Transport firms on a changing road

14:37 | 03/04/2013
Transport sector firms need a big shake-up to survive in the tough business climate.

According to Ministry of Transport (MoT) chief Dinh La Thang, the transport sector would incur its largest shake-up this year with 33 member companies under diverse corporations subject to equitisation, three construction businesses and several units belonging to Vinalines and Vinashin being dissolved.

Particularly, 10 big corporations established under Decision 90 must complete equitising within 2013, including Cienco 1, Cienco 4, Cienco 5, Cienco 6, Cienco 8, Thang Long Construction Corporation, Vietnam Waterway Construction Corporation, Waterway Transport Corporation, Vietnam Auto Industry Corporation and Transport Engineering Design Incorporated (TEDI).

These businesses could not delay shake-up plans as earlier MoT executives had enacted a resolution stipulating the leadership at these companies would incur suitable sanctions, including changes of their current duties, if their businesses failed to complete equitising plans on time.

Of corporations established under Decision 91 which are the backbone of Vietnam’s economy, Vietnam Airlines would be the first business to complete equitising before the end of 2013.  

Thang said streamlining the transport sector businesses was a MoT core task in 2013. Thereby, in parallel to reviewing and amending legal documents under MoT competency to create an enabling business environment the MoT will be working actively with the National Asset Management Company to help would-be-equitised businesses deal with bad debts.

“Businesses needed to rescue themselves through substantial restructuring plans but not with a hostile attitude to MoT instructions,” said Thang.

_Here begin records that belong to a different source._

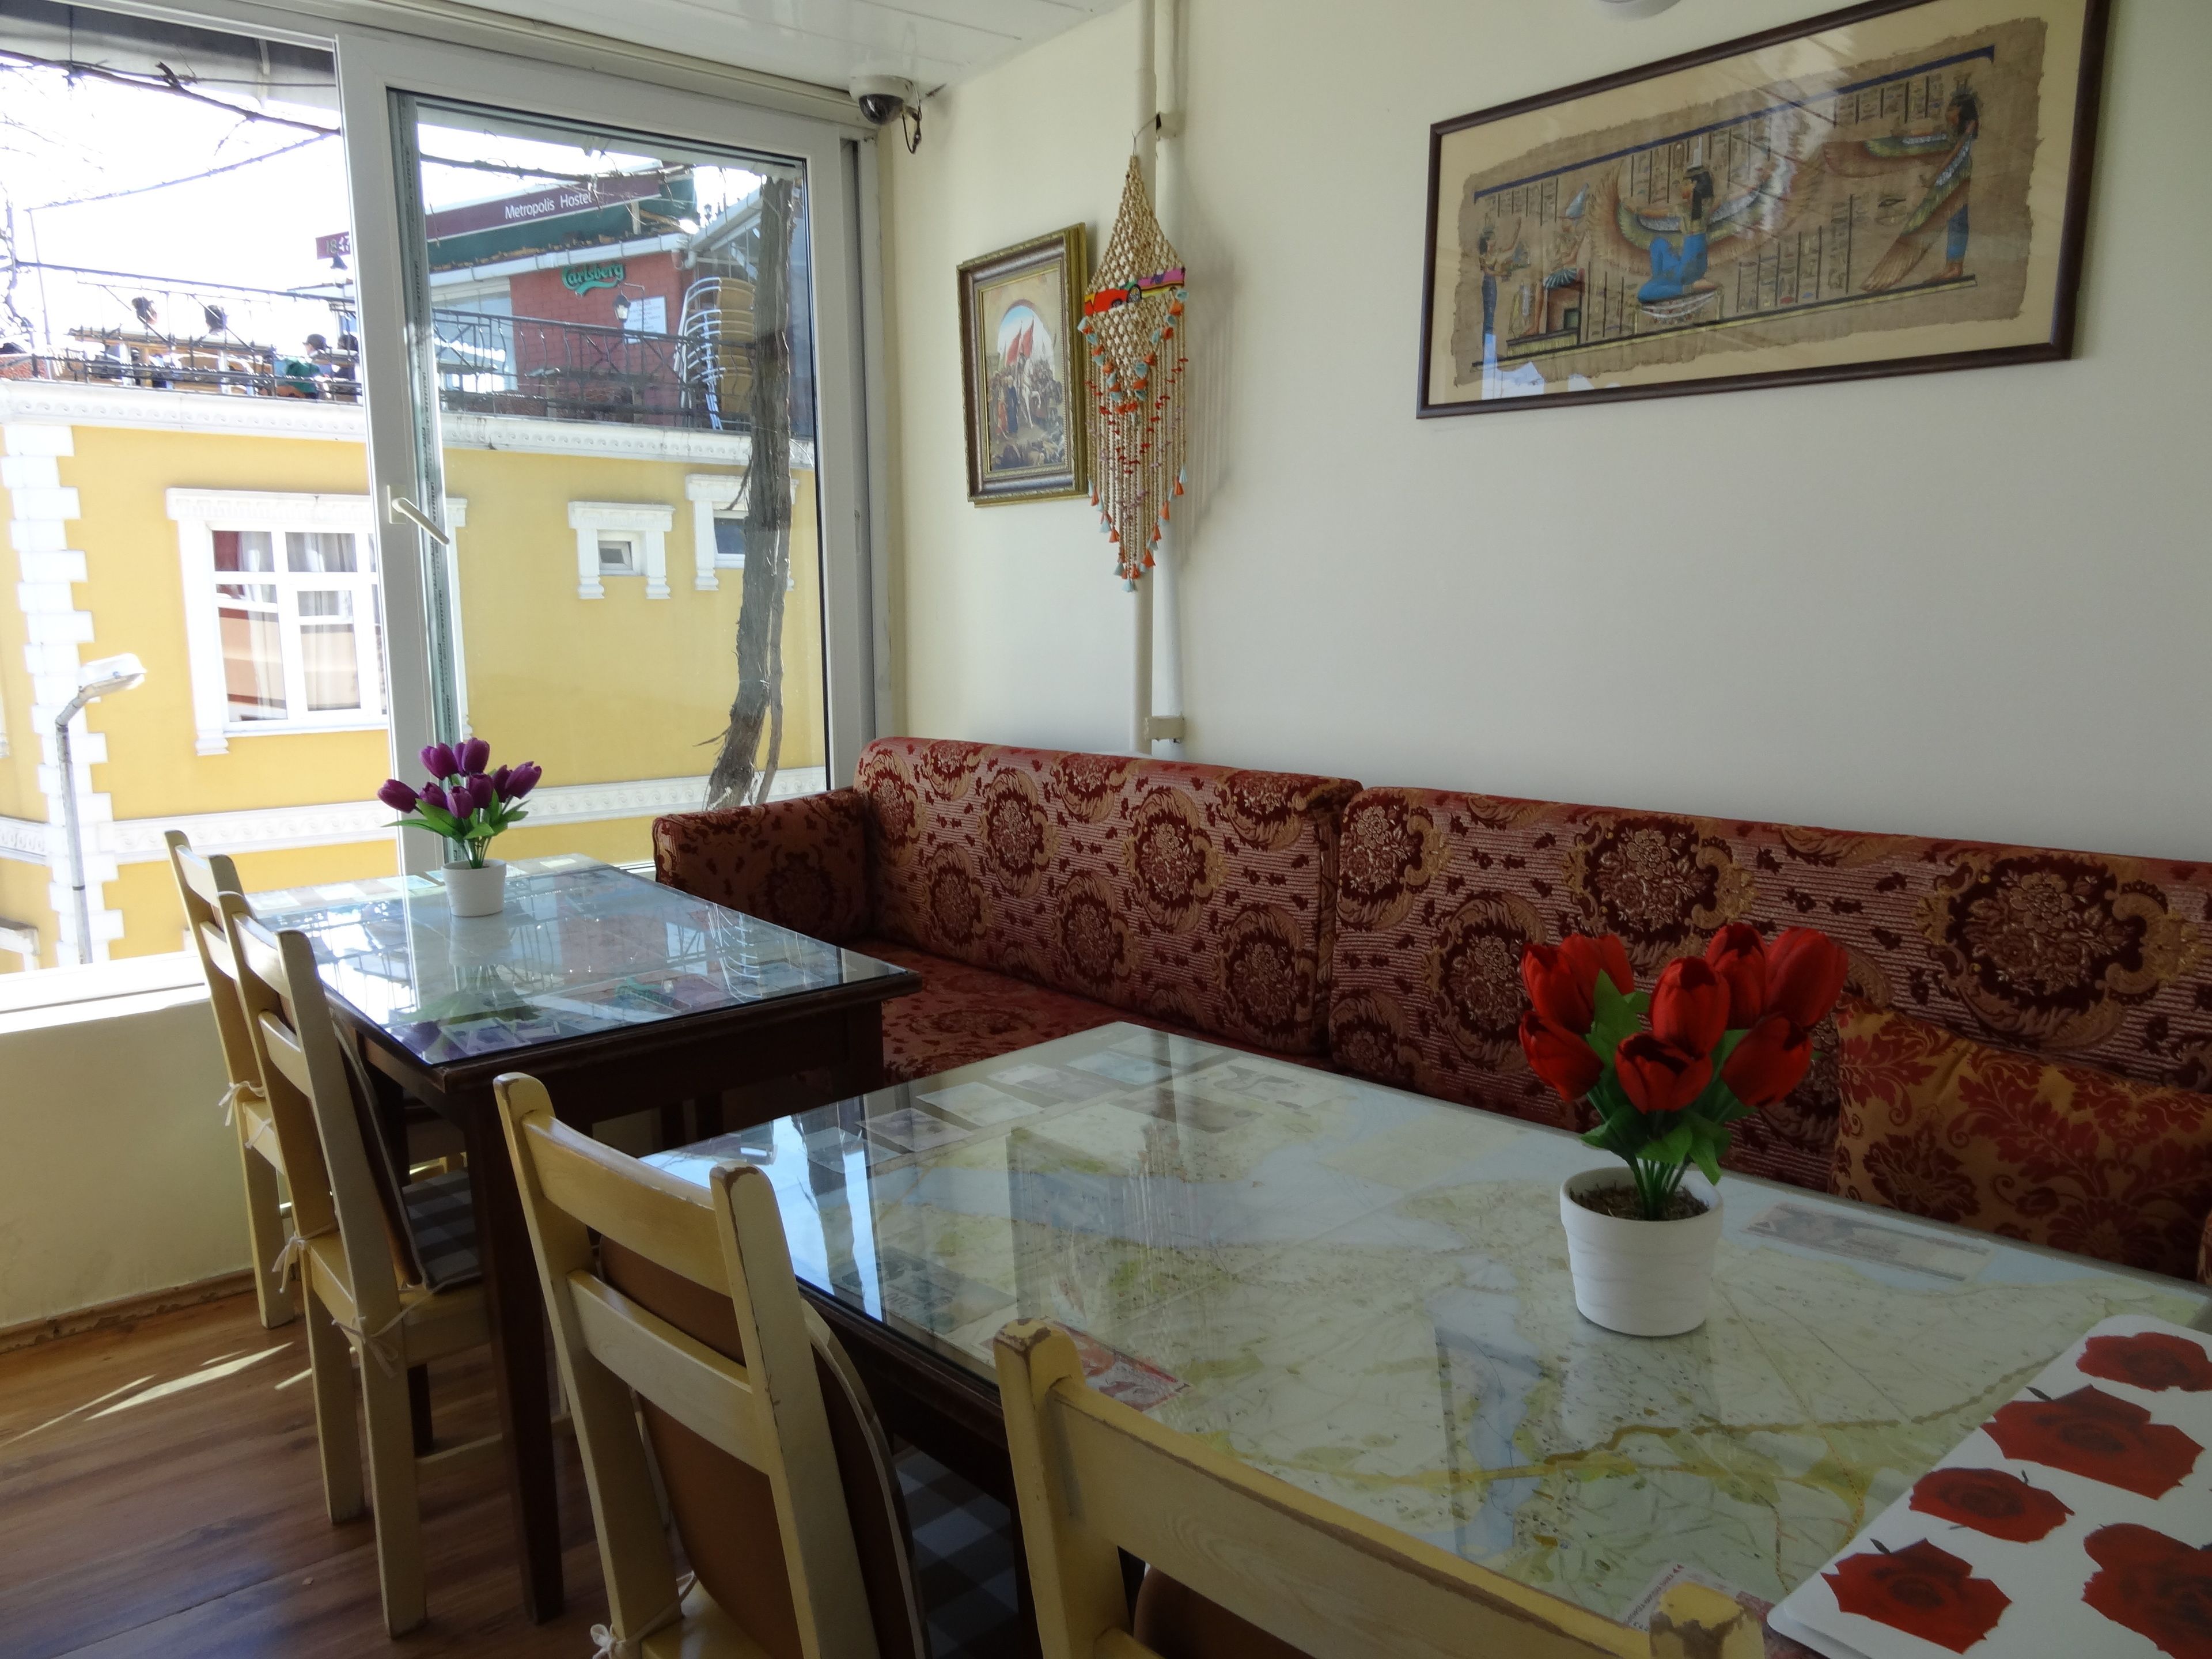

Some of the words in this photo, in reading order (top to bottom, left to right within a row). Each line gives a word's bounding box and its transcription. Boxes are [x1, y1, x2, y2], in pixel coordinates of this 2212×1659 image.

[505, 198, 555, 219] Metropolis
[560, 191, 592, 209] Hostel
[562, 263, 624, 291] Carlsberg
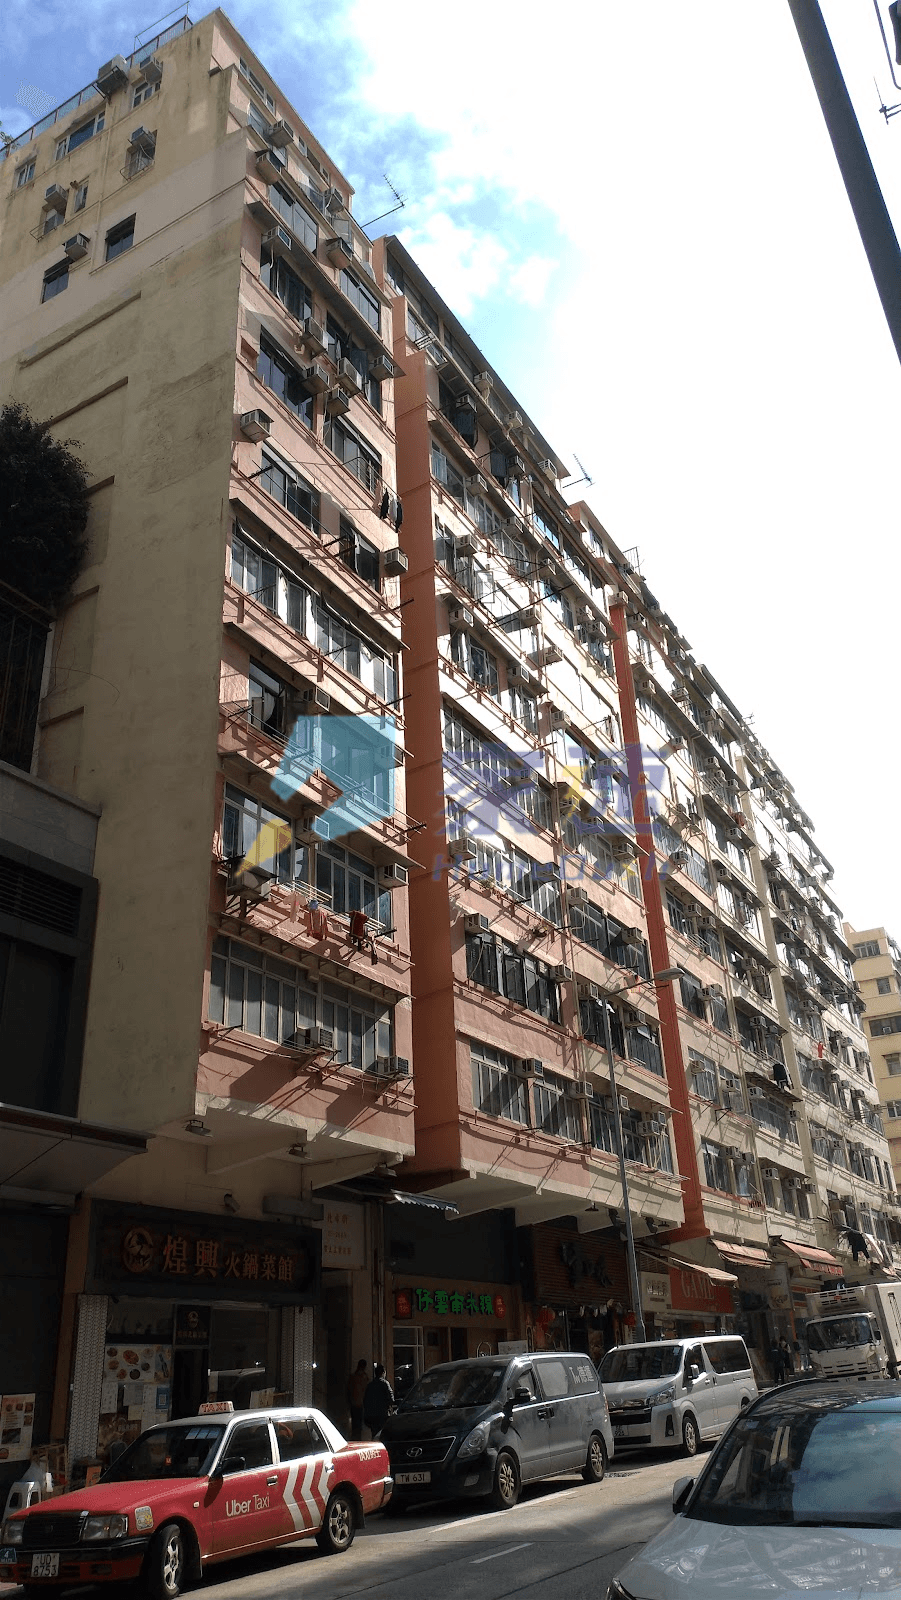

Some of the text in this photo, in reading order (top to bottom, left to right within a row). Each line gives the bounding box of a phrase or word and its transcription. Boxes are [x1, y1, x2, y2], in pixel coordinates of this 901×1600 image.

[202, 1402, 226, 1413] TAXI
[412, 1474, 425, 1482] 631
[225, 1492, 269, 1517] Uber Taxi
[33, 1565, 57, 1577] 8753

Scores of businesses in the transport sector are in a critical situation. MoT statistics show that over 7,000 workers in the sector now sit idle, accounting for 8 per cent of total labourers. Transport businesses owe to workers VND204 billion ($9.7 million) in unpaid salaries and VND223 billion ($10.6 million) in unpaid social insurance fees.

Whereas, a MoT Financial Department report reveals together with Vinashin whose equity capital was totally lost on the back of underperformance, Vinalines bore huge losses.

Losses of parent company Vinalines alone in 2012 might exceed VND2,400 billion ($116 million) if payment items were fully entered in the accounts.

“From now to 2015, Vinalines will further bog down in losses unless the shipping market would soon recover and credit organisations agreed to reschedule Vinalines’ loans for shipbuilding and purchases,” said Vinalines’ deputy general director Le Anh Son.